*Phrase grounding data*.
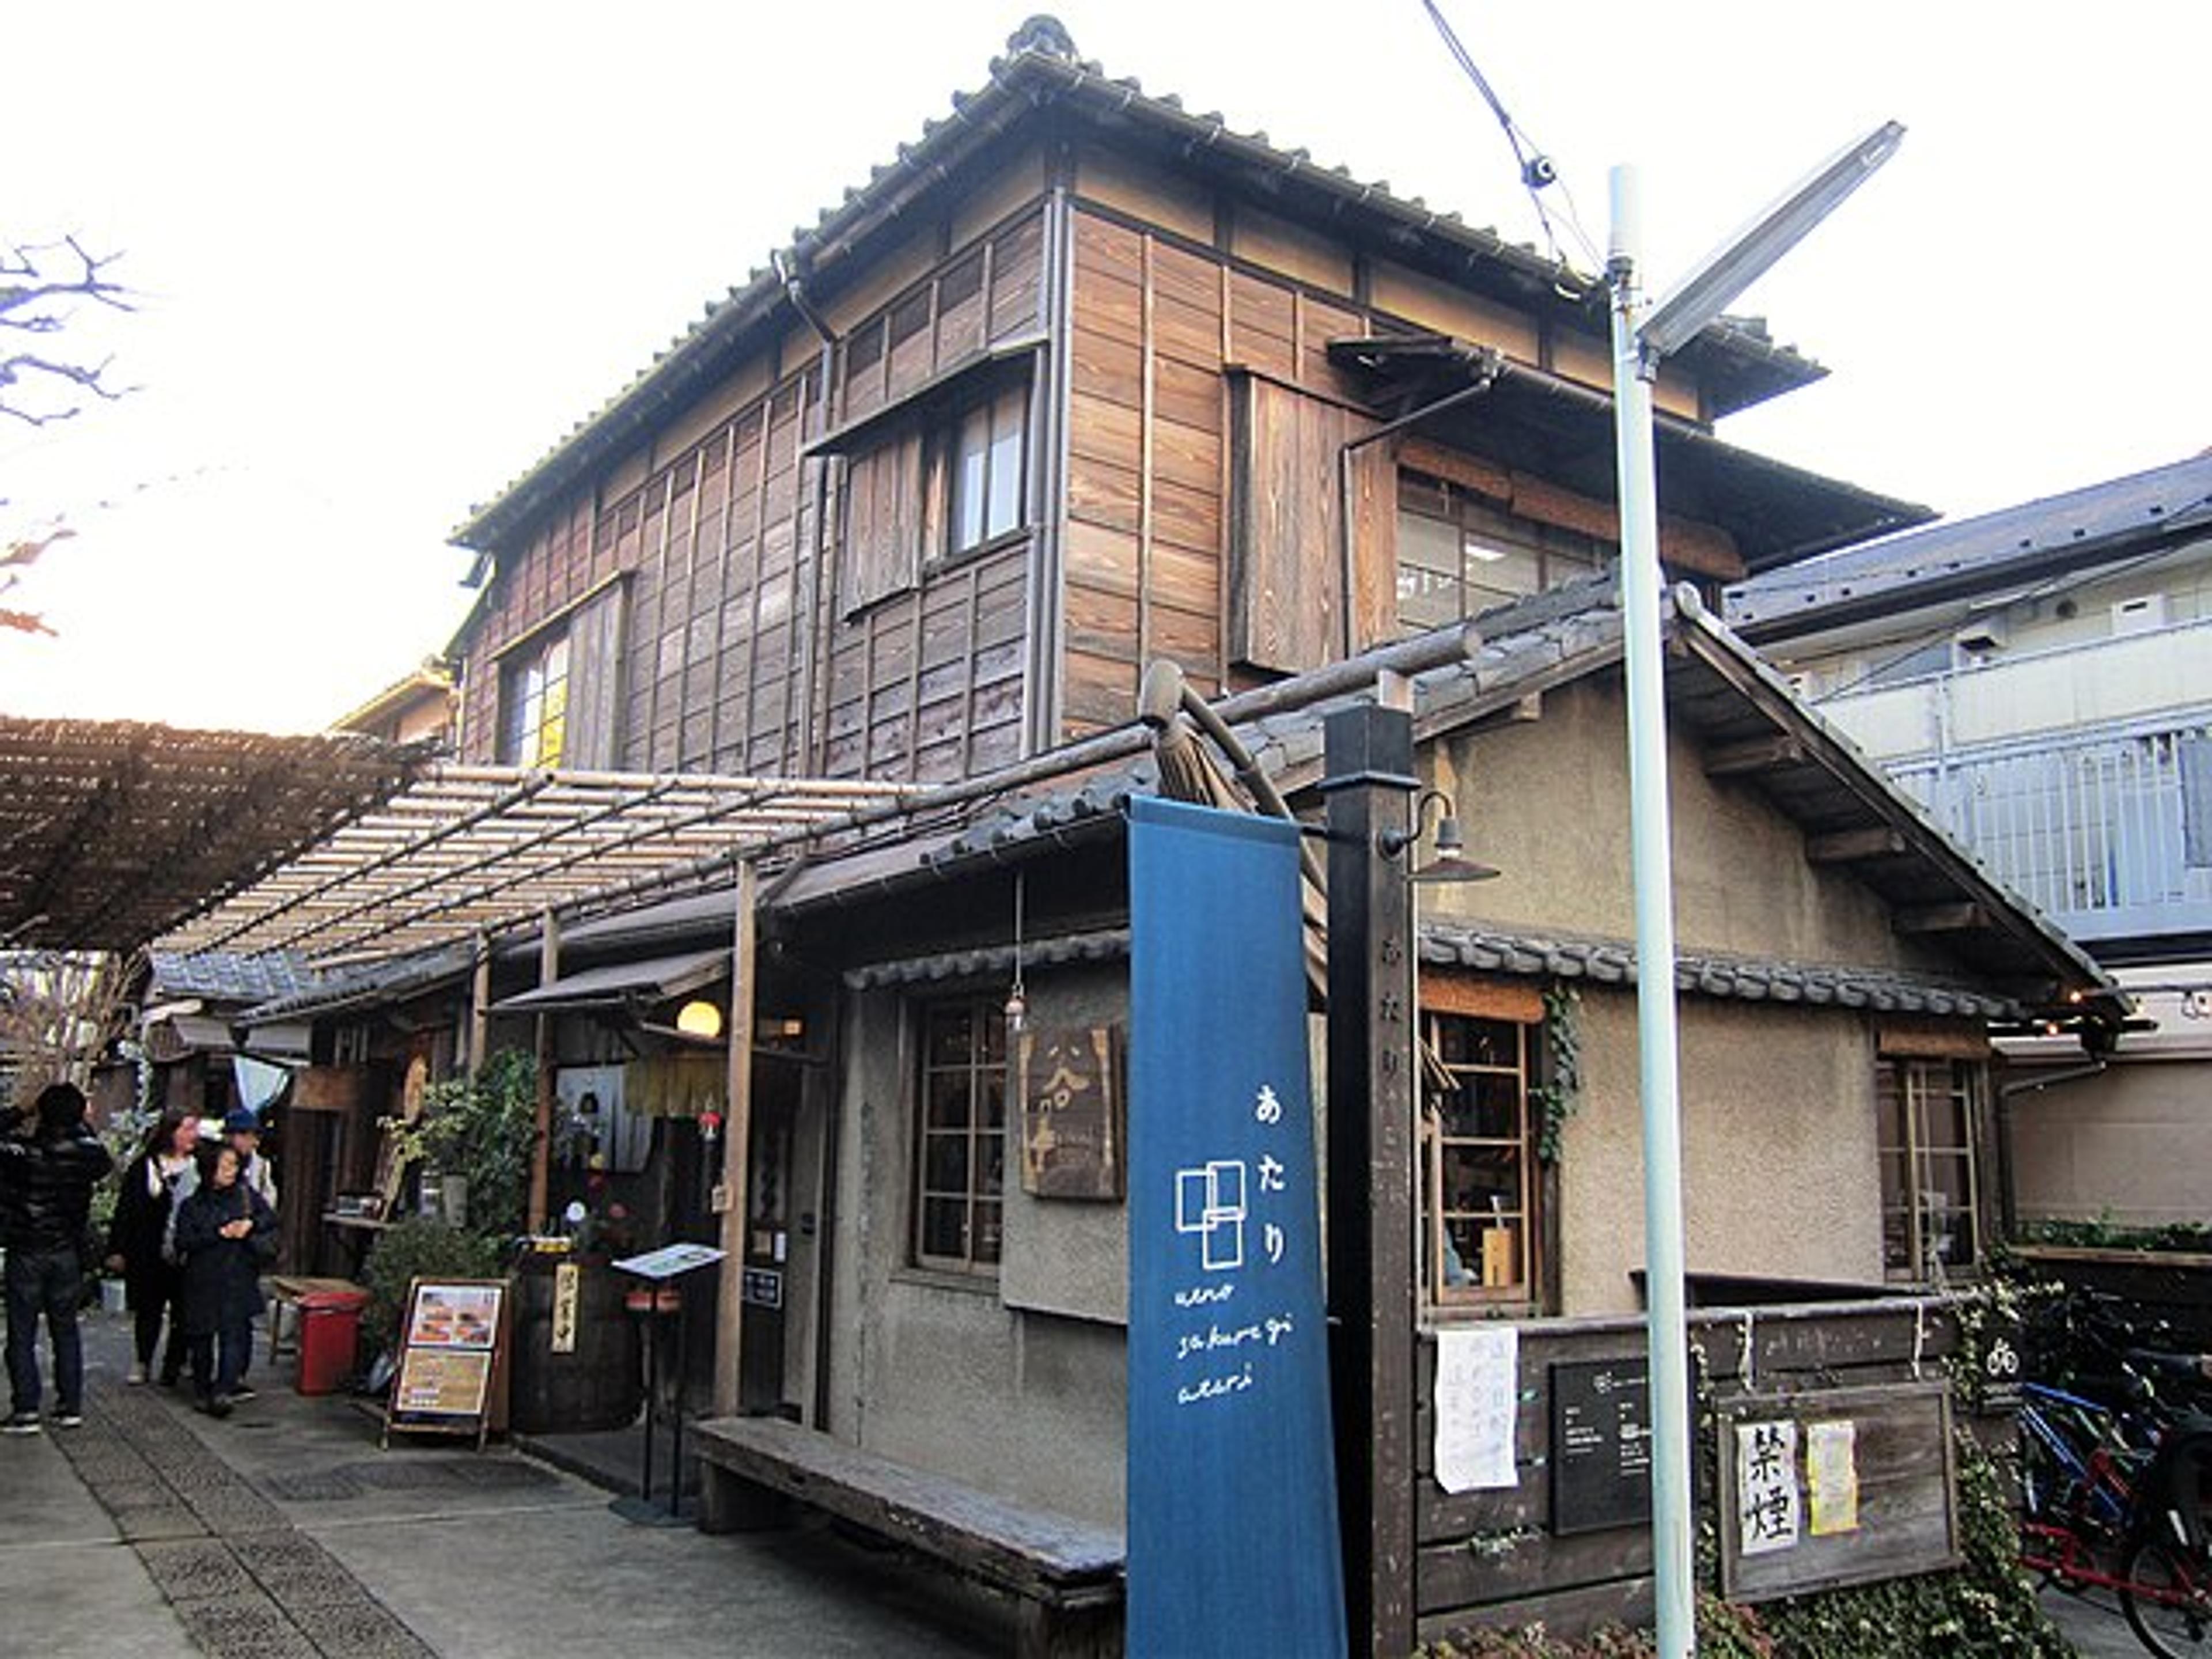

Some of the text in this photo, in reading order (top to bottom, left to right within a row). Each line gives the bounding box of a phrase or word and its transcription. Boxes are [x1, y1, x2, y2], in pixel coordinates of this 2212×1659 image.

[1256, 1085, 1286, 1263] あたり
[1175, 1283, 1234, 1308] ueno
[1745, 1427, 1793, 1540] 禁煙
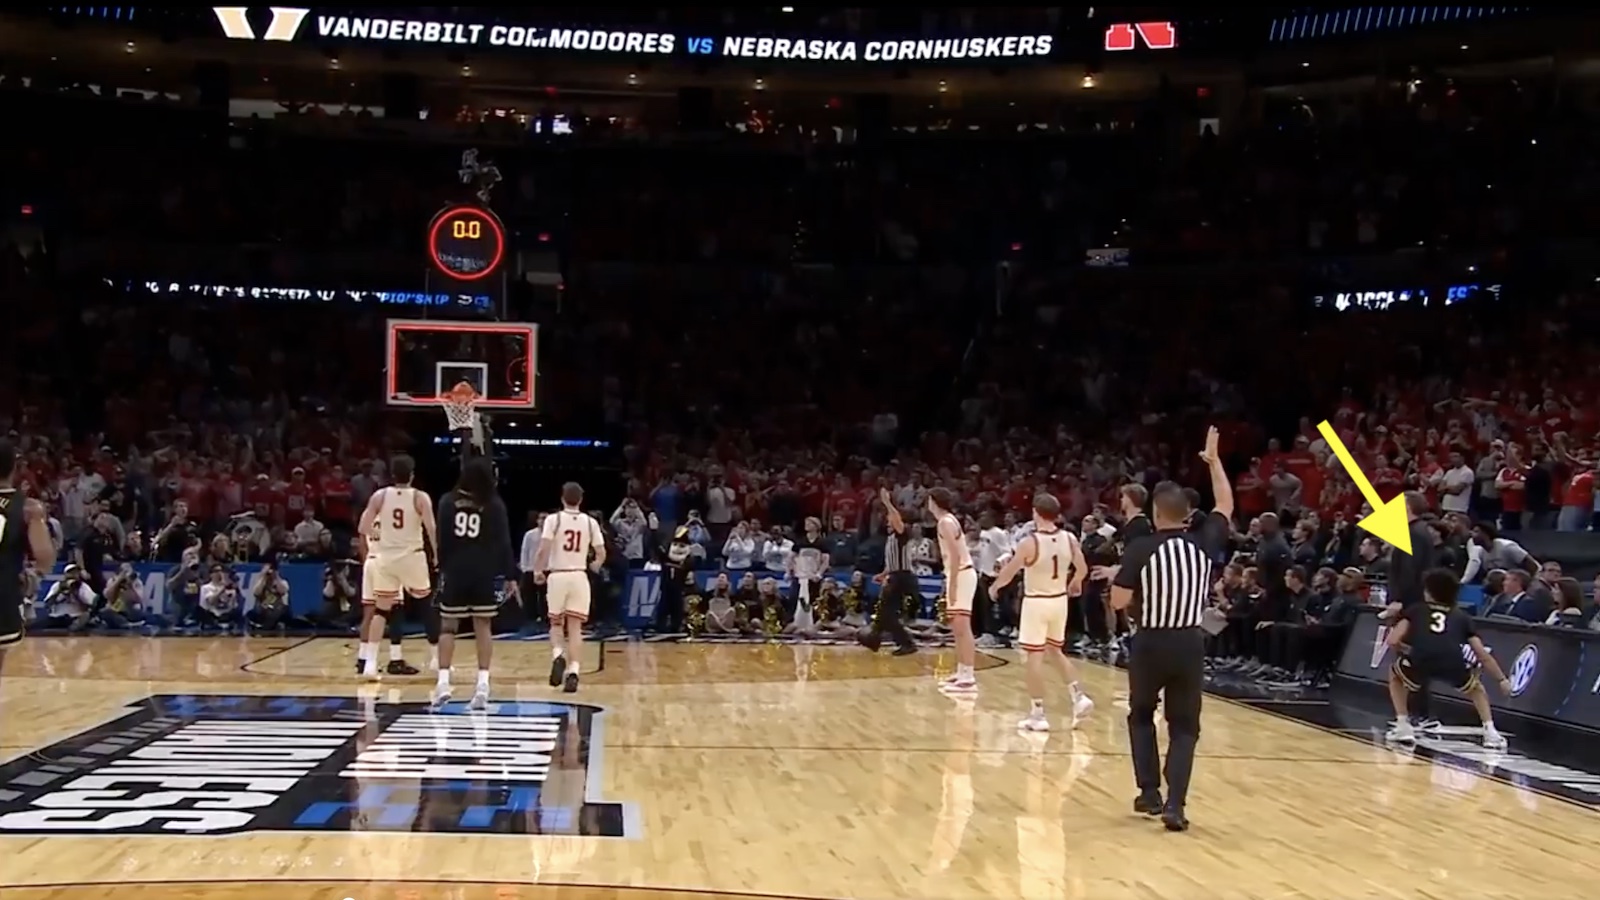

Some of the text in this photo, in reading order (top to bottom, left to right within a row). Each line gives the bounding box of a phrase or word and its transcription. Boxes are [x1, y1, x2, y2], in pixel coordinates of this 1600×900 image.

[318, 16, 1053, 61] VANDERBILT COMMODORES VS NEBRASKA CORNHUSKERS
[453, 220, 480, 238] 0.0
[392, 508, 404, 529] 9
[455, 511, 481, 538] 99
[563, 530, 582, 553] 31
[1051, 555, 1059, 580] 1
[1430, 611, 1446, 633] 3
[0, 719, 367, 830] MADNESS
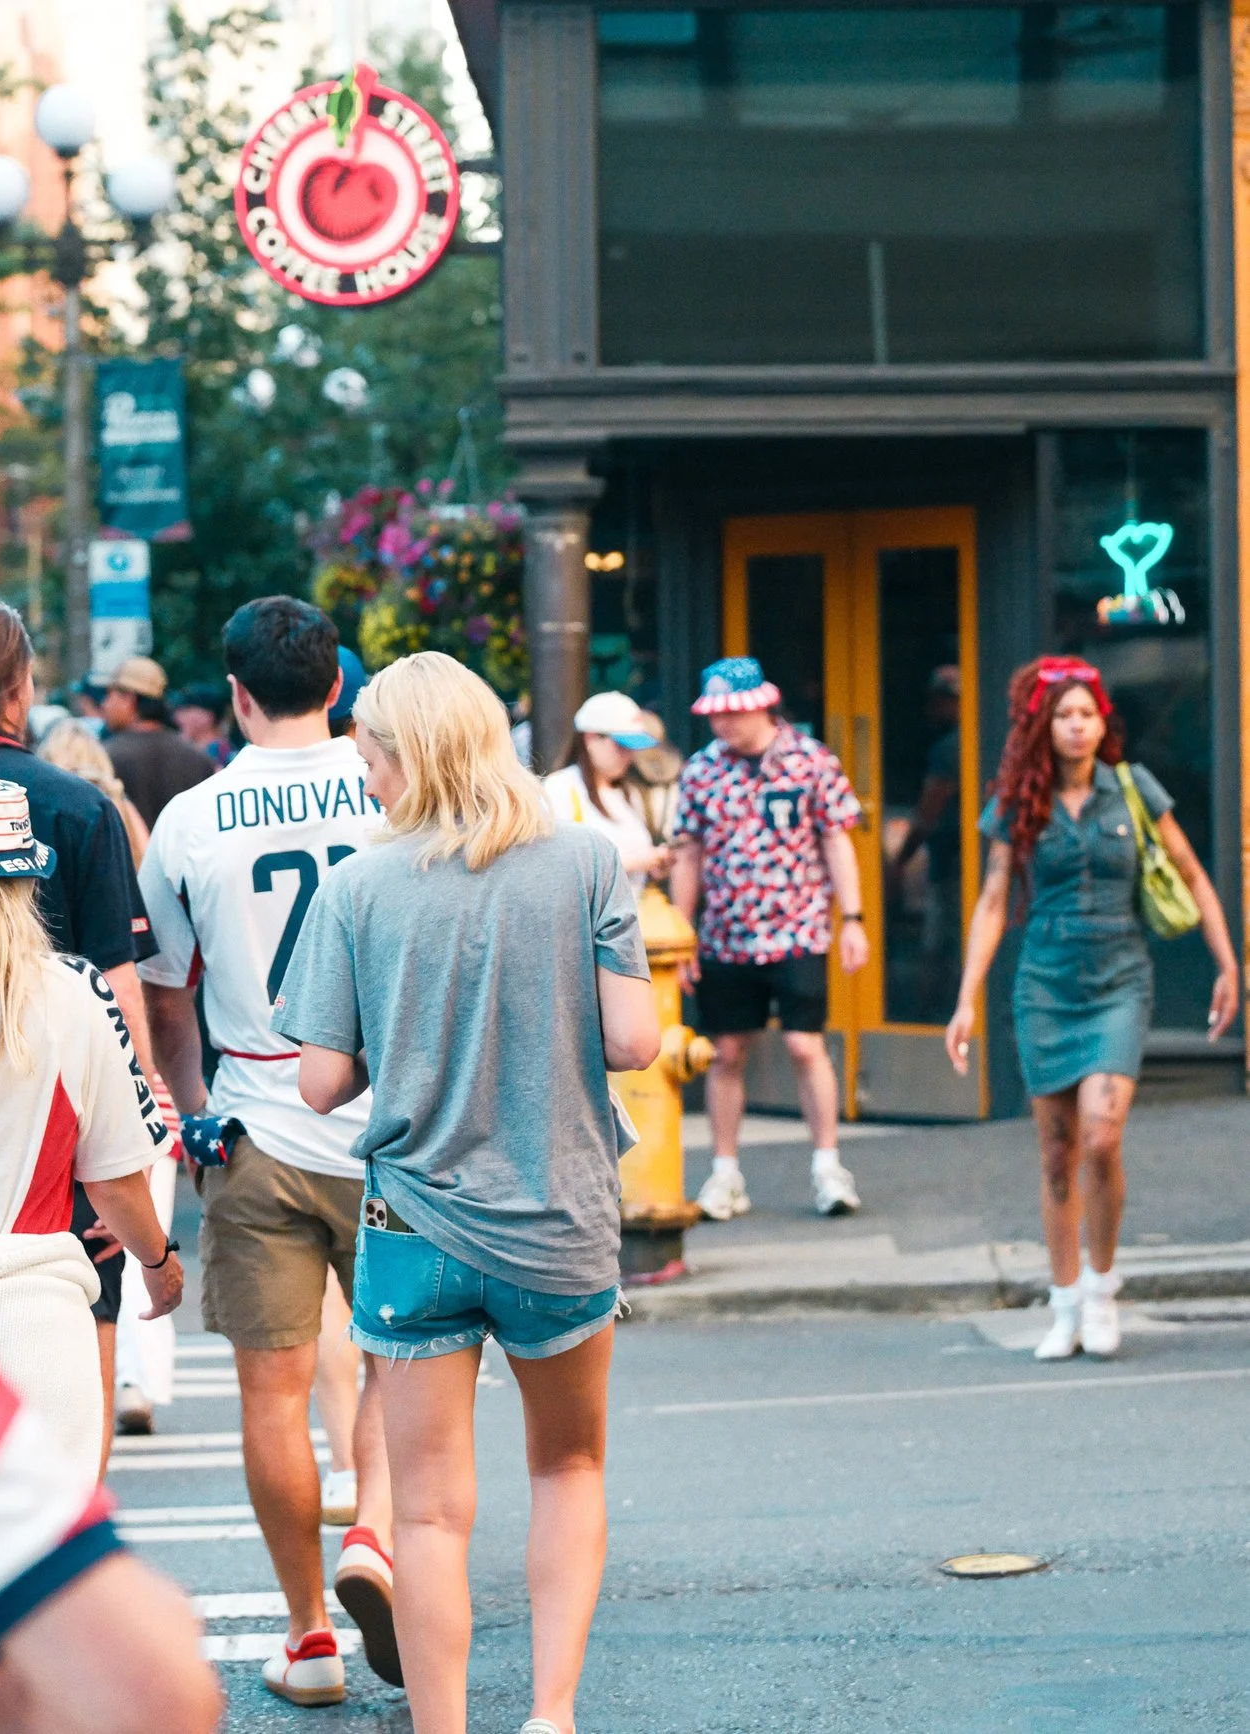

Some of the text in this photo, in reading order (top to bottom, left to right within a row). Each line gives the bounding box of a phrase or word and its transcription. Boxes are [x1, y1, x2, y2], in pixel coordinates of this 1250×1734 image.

*THE TASK*. Exactly as written above, print every record, and keep the pictures out.

*RESPONSE*.
Some of the text in this photo, in reading order (top to bottom, left to right within a row). Each line gives the bounding box of a phrase or word and its transcription. Boxes are [x1, y1, x2, y2], in pixel coordinates of this 2212×1659 image.

[1256, 1085, 1286, 1263] あたり
[1175, 1283, 1234, 1308] ueno
[1745, 1427, 1793, 1540] 禁煙

Some of the text in this photo, in reading order (top to bottom, left to right within a row). Each line gives the bounding box of a phrase or word and its transcription. Boxes are [x1, y1, x2, y2], in pixel coordinates of this 1600×900 image.

[318, 16, 1053, 61] VANDERBILT COMMODORES VS NEBRASKA CORNHUSKERS
[453, 220, 480, 238] 0.0
[392, 508, 404, 529] 9
[455, 511, 481, 538] 99
[563, 530, 582, 553] 31
[1051, 555, 1059, 580] 1
[1430, 611, 1446, 633] 3
[0, 719, 367, 830] MADNESS

Some of the text in this photo, in reading order (top to bottom, left to right within a row). Each line gives the bounding box of a phrase or word and its transcription. Boxes are [x1, y1, x2, y2], in pixel coordinates of this 1250×1734 image.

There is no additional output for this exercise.